The COVID-19 pandemic has many people taking a closer look at the importance of home.
“Home has become our pulse. It’s where we find comfort and sanctuary, so we want our home to be what and where we want,” said Stephanie Canard, a private wealth banker at BOK Financial.
And while the pandemic has slowed some areas of the economy, the housing market isn’t one of them. A recent report shows that historically low interest rates are driving a boom in house sales and refinancing, while allowing some buyers to upgrade into higher-priced homes.
And with all the time spent at home, others are considering renovations, expansion or new construction. That’s good news for the industry, and for homebuyers, but the market also has gone through some significant changes, including higher-than-average construction costs and new rules for homebuyers.
Feeding the boom
The Mortgage Bankers Association reported in December that the fixed 30-year mortgage slid to 2.9%, an all-time low. This time last year, the rate was 4%.

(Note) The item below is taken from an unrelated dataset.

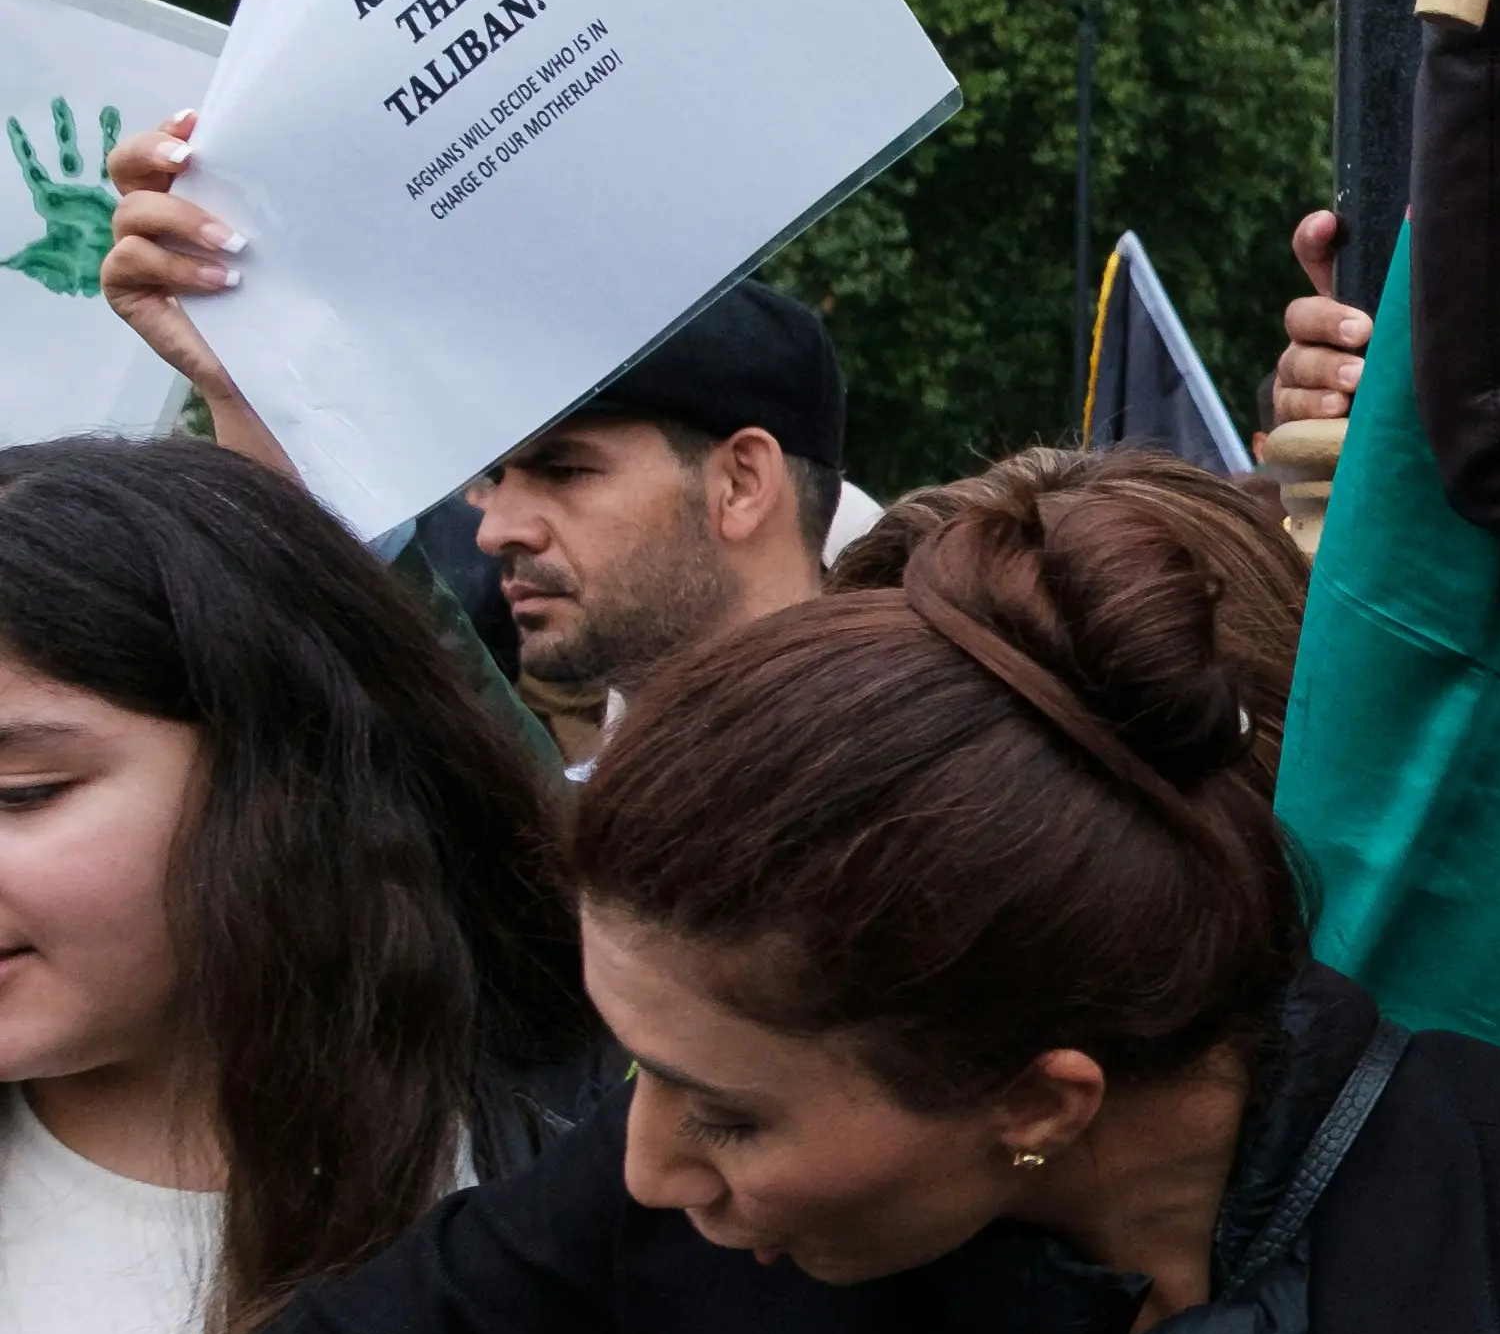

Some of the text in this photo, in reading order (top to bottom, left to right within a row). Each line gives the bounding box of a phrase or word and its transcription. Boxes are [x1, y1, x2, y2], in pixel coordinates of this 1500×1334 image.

[405, 18, 609, 200] AFGHANS WILL DECIDE WHO IS IN
[430, 47, 624, 220] CHARGE OF OUR MOTHERLAND!

Experts have speculated that the increased demand is due to geographic flexibility in remote work, and by more people seeking more private space for working from home. The pandemic brought more first-time homebuyers into the market this year, and demand for second homes grew an astounding 100% from 2019.

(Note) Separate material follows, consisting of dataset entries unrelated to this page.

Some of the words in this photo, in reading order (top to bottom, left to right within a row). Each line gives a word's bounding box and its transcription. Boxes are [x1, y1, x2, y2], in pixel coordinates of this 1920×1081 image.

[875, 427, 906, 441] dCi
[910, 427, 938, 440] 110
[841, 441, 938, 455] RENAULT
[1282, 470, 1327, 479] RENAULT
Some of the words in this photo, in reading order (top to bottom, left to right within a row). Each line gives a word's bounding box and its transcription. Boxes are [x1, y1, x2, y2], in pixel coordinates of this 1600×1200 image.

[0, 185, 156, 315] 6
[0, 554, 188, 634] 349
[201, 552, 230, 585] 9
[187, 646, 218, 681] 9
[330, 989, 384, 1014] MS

Along with the demand comes changes in guidelines and procedures for purchasing an existing home, said BOK Financial Mortgage Banker Karen Heston. Some realtors may require financing pre-approval before they’ll show a house, as a way to limit the number of people physically coming through the space.
And most lenders require extra documentation from self-employed individuals seeking mortgage loans.
“Because rates are so low, purchase volumes have blown up,” said Heston. “For example, in nine months of 2020 I nearly doubled what I did in 2019 in terms of purchases and refinances. A house will come on the market and within hours there’s multiple showings and multiple offers.”
Lumber prices soar
In August, the National Association of Home Builders/Wells Fargo Housing Market Index (HMI), which is designed to measure the pulse of the single-family housing market, rose six points from the previous month to 78 in August, marking the highest reading since December 1998.
Due to inflated construction material prices during the pandemic, the cost of home construction also increased.
Lumber prices, for example, have risen to average more than $600 per thousand board feet, representing a nearly 80% increase since April, according to new data from the National Association of Home Builders. The recent jumps in lumber prices will likely add thousands of dollars to the cost of a standard new home, the NAHB says.
A place to call home
Canard and Heston offer a few tips for those considering a new home in 2021:
Make sure you know your budget inside and out. “In new construction, this means knowing wants versus needs. There’s a possibility of over-building and adding amenities that you won’t recoup the cost on—which is important to know going in,” Heston said.
Set realistic expectations. Heston said every profession related to the real estate business is feeling the crunch, so delays are inevitable. From appraisers to title companies, people are working with increased workloads while navigating COVID restrictions.
“This is a very emotional, life-changing decision sometimes, and people get really invested. Sometimes that leads to unrealistic expectations in how quickly these processes move,” Canard said.
Listen and ask questions to your comfort level. “Some people want to be in the driver’s seat, and others want us to take the wheel,” Canard said. “Some people prefer to ask a lot of questions and do a lot of research while others prefer to trust that we’ve done our due diligence.”
If you’re a questioner, don’t be afraid to speak up.
“When it comes to your dream home—it’s not one size fits all,” said Heston. “So, whether you’re building something new or buying something new to you, there are numerous things to consider along the way.”